* [GOAL OF THE EXERCISE]
Set down the entries below exactly; drop the pictures.

* [RECORDED INFORMATION]
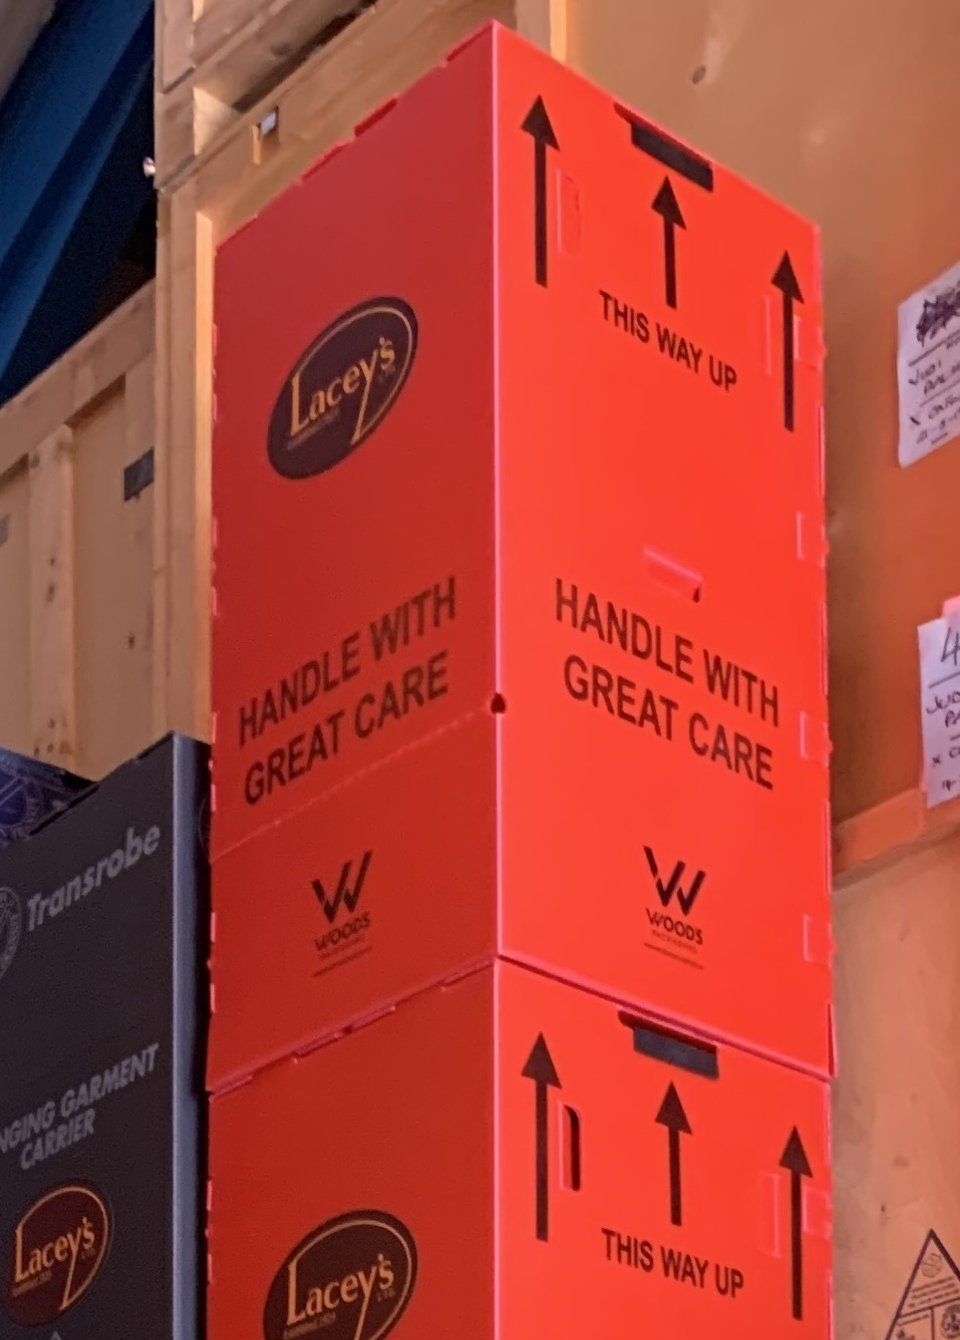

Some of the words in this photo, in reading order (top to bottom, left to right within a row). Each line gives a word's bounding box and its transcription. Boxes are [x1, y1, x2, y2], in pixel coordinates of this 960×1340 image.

[599, 290, 650, 342] THIS
[657, 330, 703, 374] WAY
[709, 352, 737, 393] UP
[240, 633, 361, 746] HANDLE
[369, 576, 456, 662] WITH
[555, 577, 694, 684] HANDLE
[703, 648, 781, 728] WITH
[245, 713, 343, 806] GREAT
[354, 651, 449, 739] CARE
[564, 655, 680, 740] GREAT
[689, 711, 774, 791] CARE
[27, 822, 161, 931] Transrobe
[60, 1042, 159, 1116] GARMENT
[21, 1108, 96, 1170] CARRIER
[601, 1227, 654, 1273] THIS
[662, 1246, 709, 1290] WAY
[715, 1262, 744, 1299] UP

* [WRITTEN RESPONSE]
Some of the words in this photo, in reading order (top to bottom, left to right within a row). Each line gives a word's bounding box and its transcription. Boxes are [x1, y1, x2, y2], in pixel coordinates of this 960×1340 image.

[599, 290, 650, 342] THIS
[657, 330, 703, 374] WAY
[709, 352, 737, 393] UP
[240, 633, 361, 746] HANDLE
[369, 576, 456, 662] WITH
[555, 577, 694, 684] HANDLE
[703, 648, 781, 728] WITH
[245, 713, 343, 806] GREAT
[354, 651, 449, 739] CARE
[564, 655, 680, 740] GREAT
[689, 711, 774, 791] CARE
[27, 822, 161, 931] Transrobe
[60, 1042, 159, 1116] GARMENT
[21, 1108, 96, 1170] CARRIER
[601, 1227, 654, 1273] THIS
[662, 1246, 709, 1290] WAY
[715, 1262, 744, 1299] UP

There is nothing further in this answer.